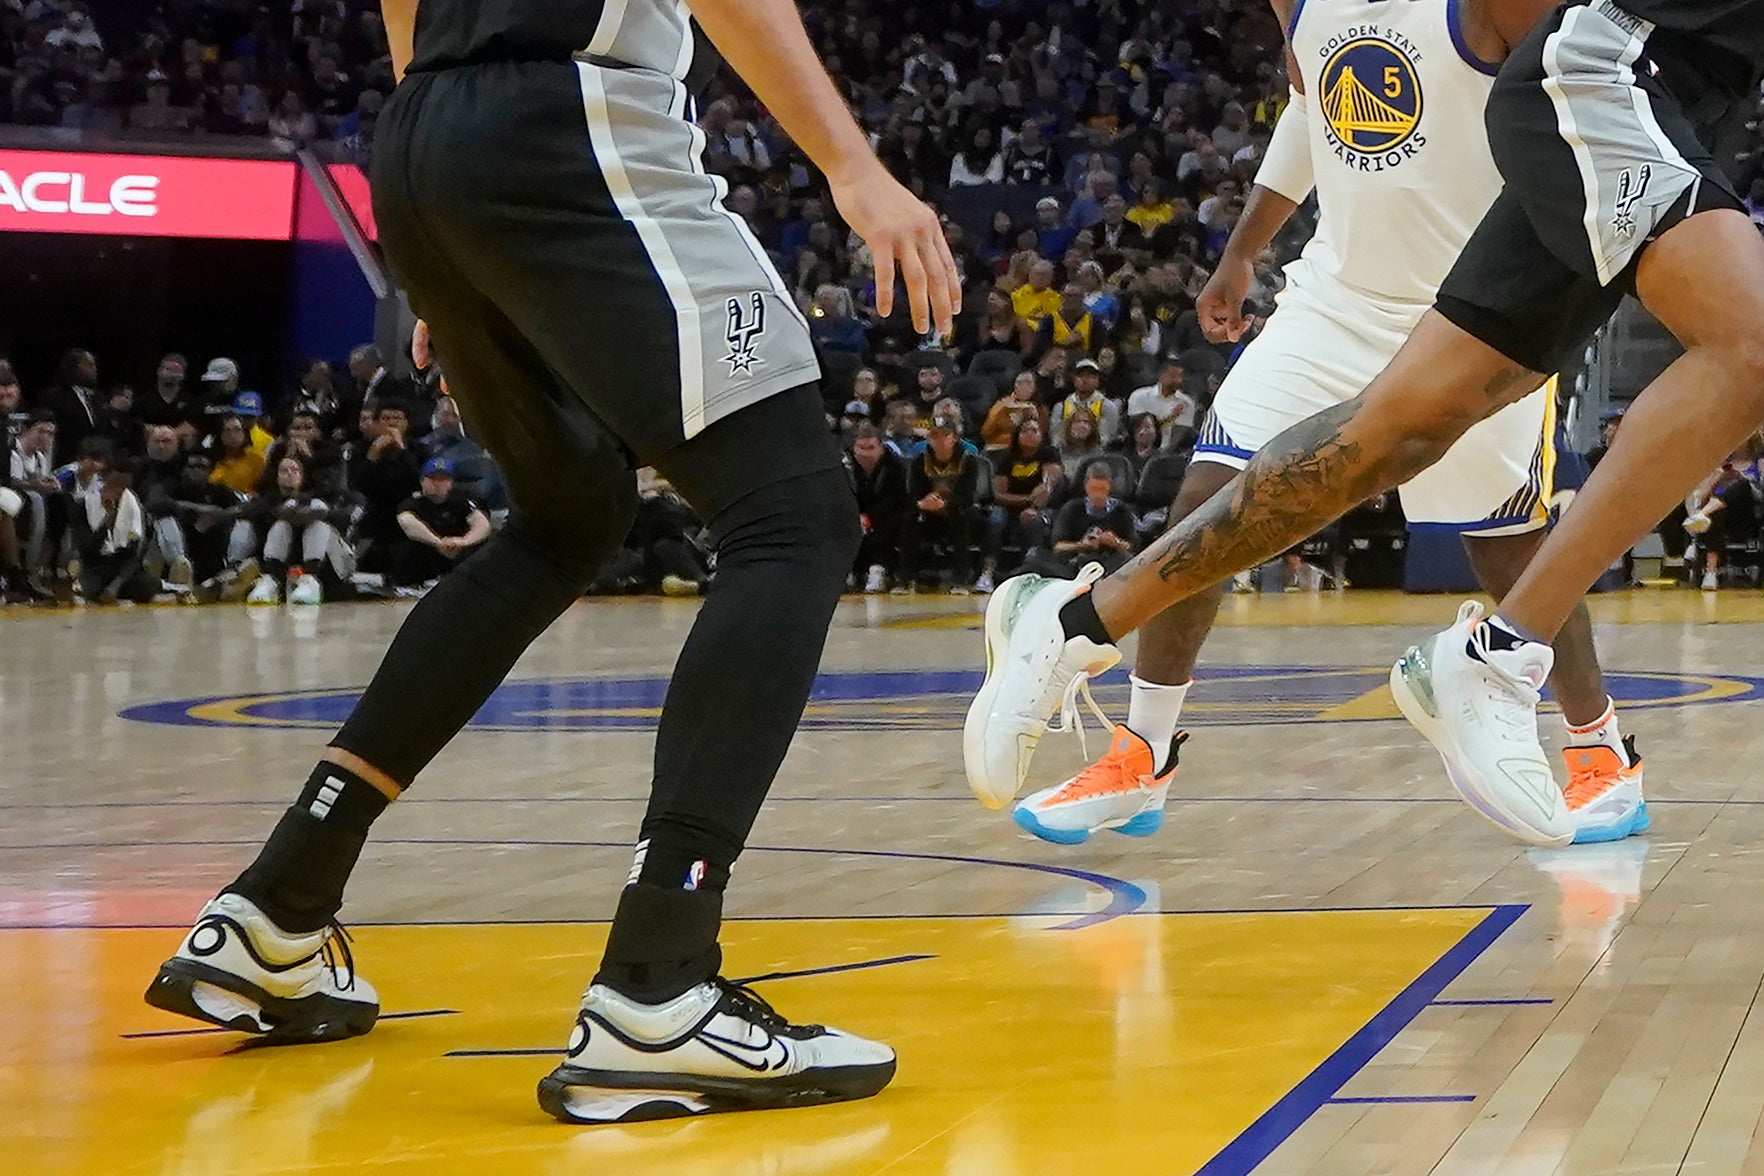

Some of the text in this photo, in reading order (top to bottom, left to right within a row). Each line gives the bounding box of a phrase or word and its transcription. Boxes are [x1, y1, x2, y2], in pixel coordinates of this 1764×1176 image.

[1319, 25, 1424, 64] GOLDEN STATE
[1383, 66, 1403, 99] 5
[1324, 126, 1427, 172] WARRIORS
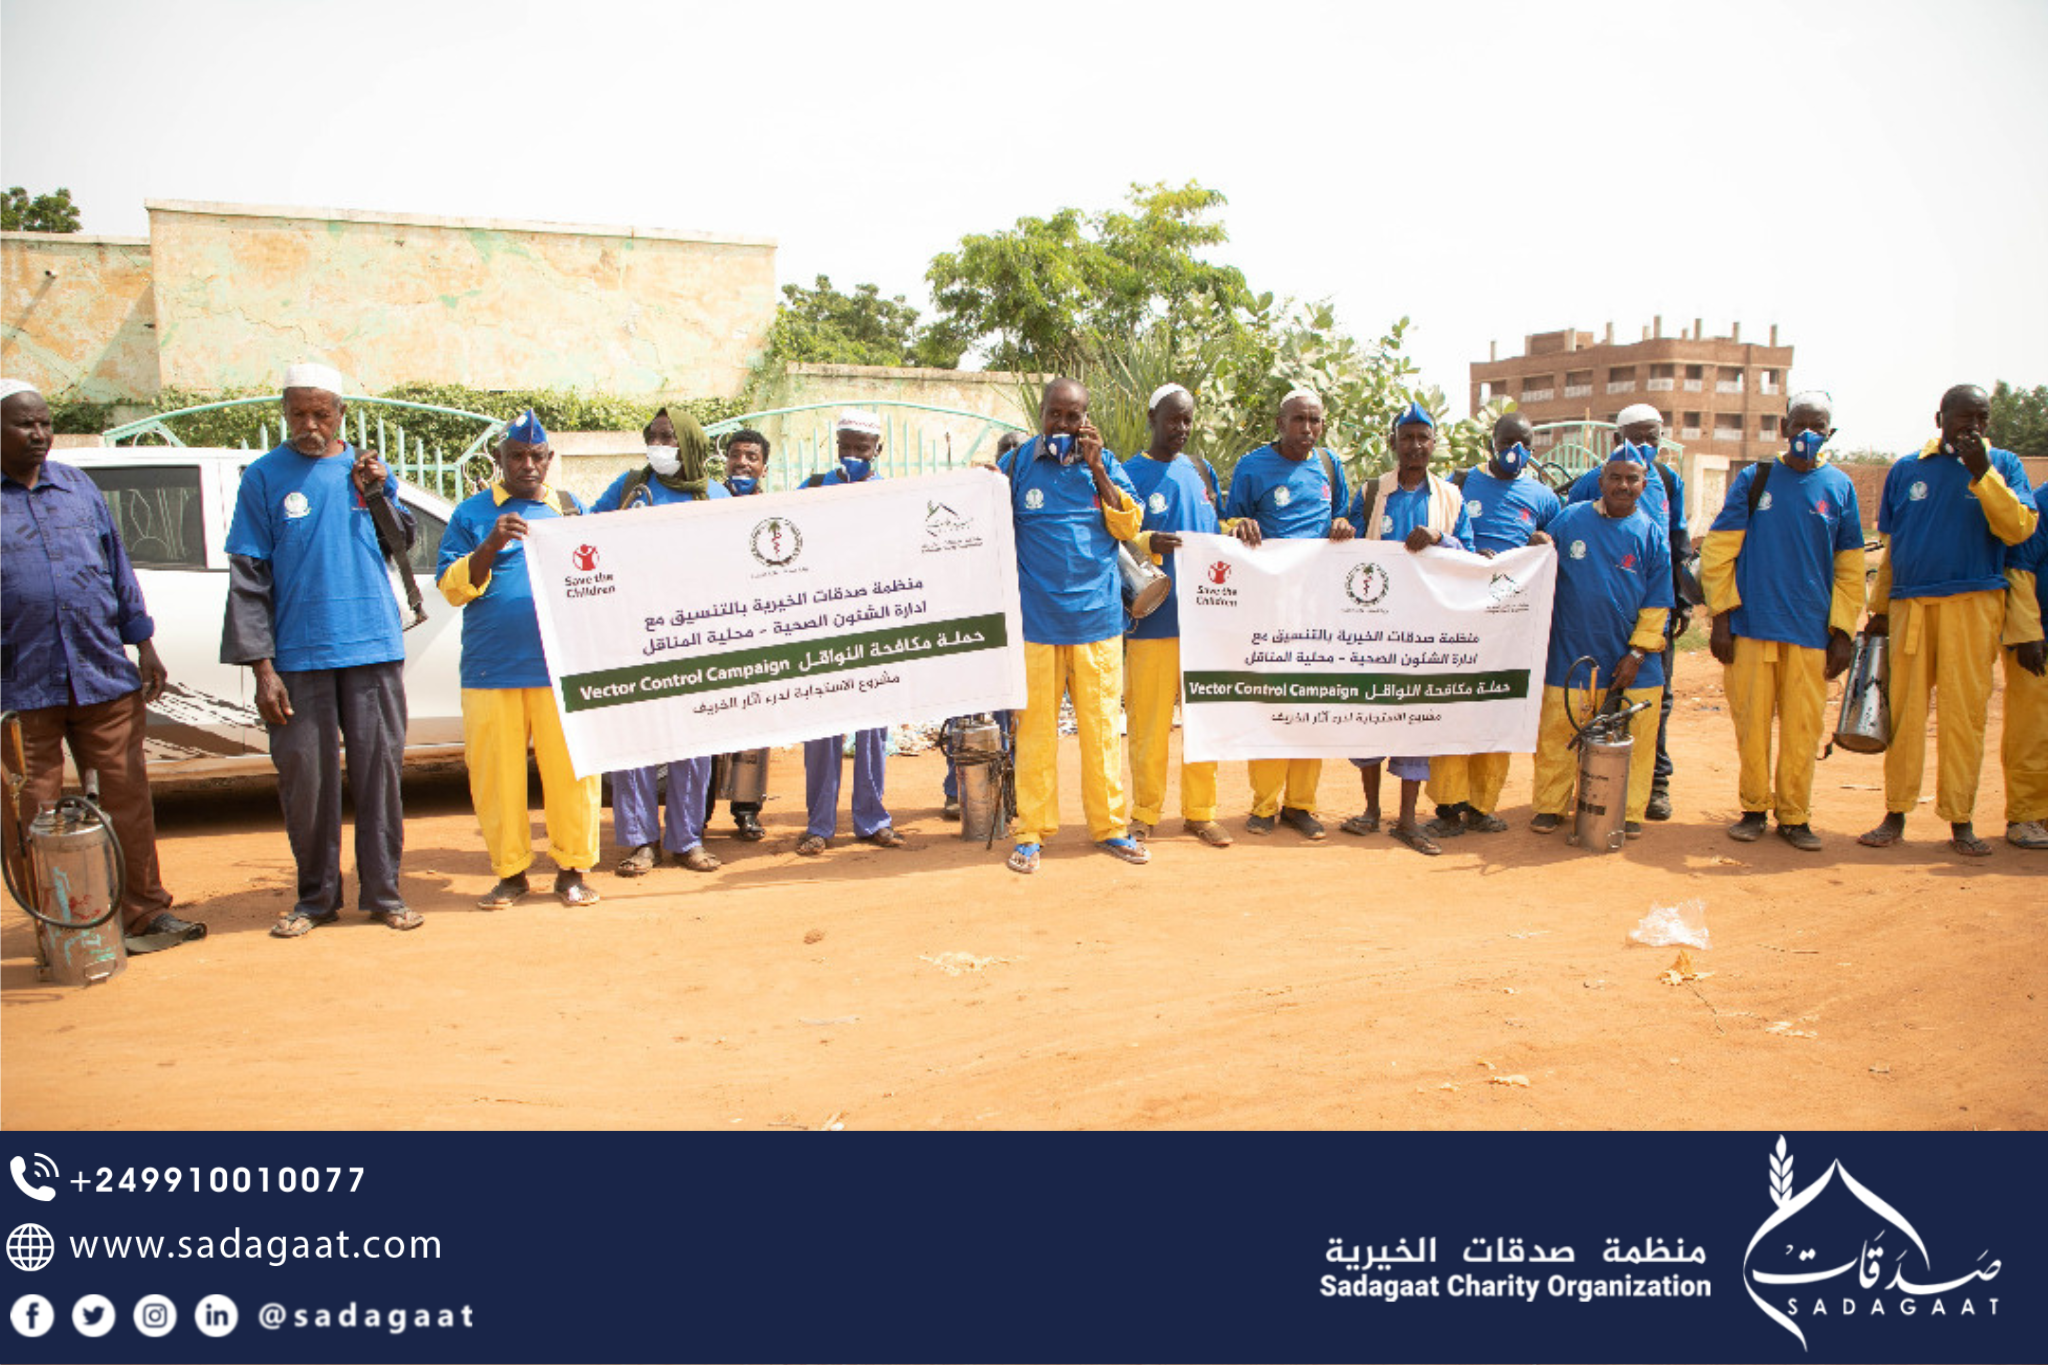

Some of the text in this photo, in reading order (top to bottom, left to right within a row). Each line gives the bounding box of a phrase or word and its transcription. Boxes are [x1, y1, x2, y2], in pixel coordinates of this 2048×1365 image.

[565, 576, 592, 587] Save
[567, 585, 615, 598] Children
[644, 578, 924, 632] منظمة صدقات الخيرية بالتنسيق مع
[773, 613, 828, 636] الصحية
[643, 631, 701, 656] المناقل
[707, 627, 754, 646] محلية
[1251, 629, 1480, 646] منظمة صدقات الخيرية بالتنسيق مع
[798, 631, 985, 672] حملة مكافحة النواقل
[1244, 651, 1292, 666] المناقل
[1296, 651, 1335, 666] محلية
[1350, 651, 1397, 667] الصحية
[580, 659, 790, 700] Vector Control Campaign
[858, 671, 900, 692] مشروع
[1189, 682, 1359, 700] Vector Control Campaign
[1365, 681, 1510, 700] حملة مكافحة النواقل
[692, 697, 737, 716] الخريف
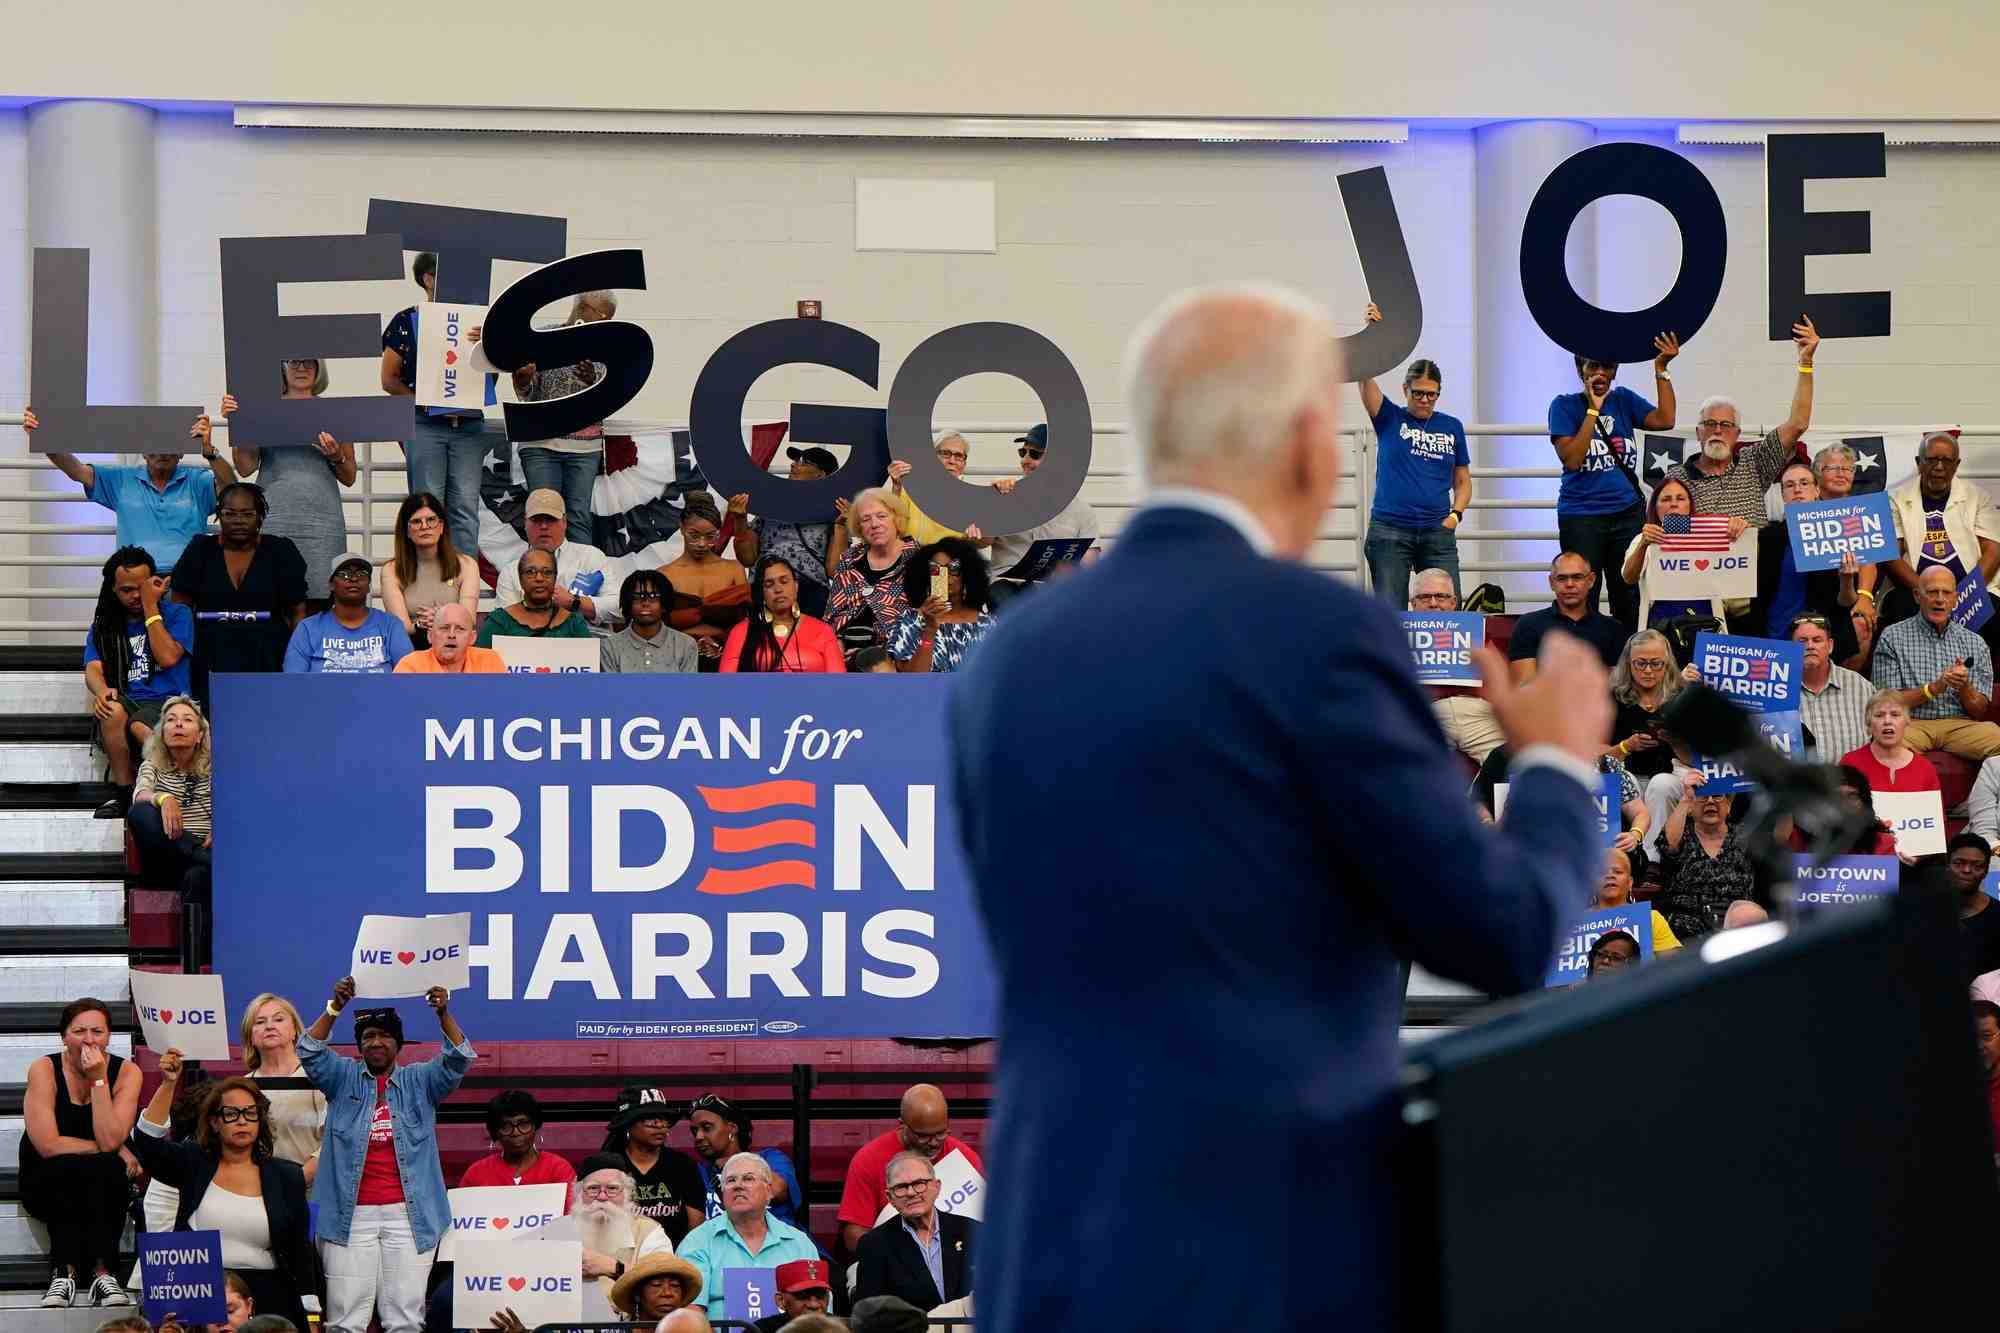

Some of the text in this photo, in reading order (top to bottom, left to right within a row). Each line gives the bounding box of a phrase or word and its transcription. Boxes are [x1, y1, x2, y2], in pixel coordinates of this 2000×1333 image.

- - - - - - -

## Task
Return all the material exactly, pictures excluded.

## Exercise solution
Some of the text in this photo, in reading order (top to bottom, left to right within a row). Each line gives the bounding box of a phrase or word and its transcription. Boxes are [x1, y1, x2, y2], in pixel coordinates of this 1764×1176 image.

[1319, 25, 1424, 64] GOLDEN STATE
[1383, 66, 1403, 99] 5
[1324, 126, 1427, 172] WARRIORS

Some of the text in this photo, in reading order (top to bottom, left to right within a row). Each line gives the bounding box of a phrase or word and its transcription. Boxes are [x1, y1, x2, y2], in pixel coordinates of this 2048×1365 image.

[565, 576, 592, 587] Save
[567, 585, 615, 598] Children
[644, 578, 924, 632] منظمة صدقات الخيرية بالتنسيق مع
[773, 613, 828, 636] الصحية
[643, 631, 701, 656] المناقل
[707, 627, 754, 646] محلية
[1251, 629, 1480, 646] منظمة صدقات الخيرية بالتنسيق مع
[798, 631, 985, 672] حملة مكافحة النواقل
[1244, 651, 1292, 666] المناقل
[1296, 651, 1335, 666] محلية
[1350, 651, 1397, 667] الصحية
[580, 659, 790, 700] Vector Control Campaign
[858, 671, 900, 692] مشروع
[1189, 682, 1359, 700] Vector Control Campaign
[1365, 681, 1510, 700] حملة مكافحة النواقل
[692, 697, 737, 716] الخريف

Some of the text in this photo, in reading order (top to bottom, left to right within a row). Each line gives the bounding box of a phrase or word and its transcription. Boxes are [x1, y1, x2, y2], in pixel coordinates of this 2000×1333 image.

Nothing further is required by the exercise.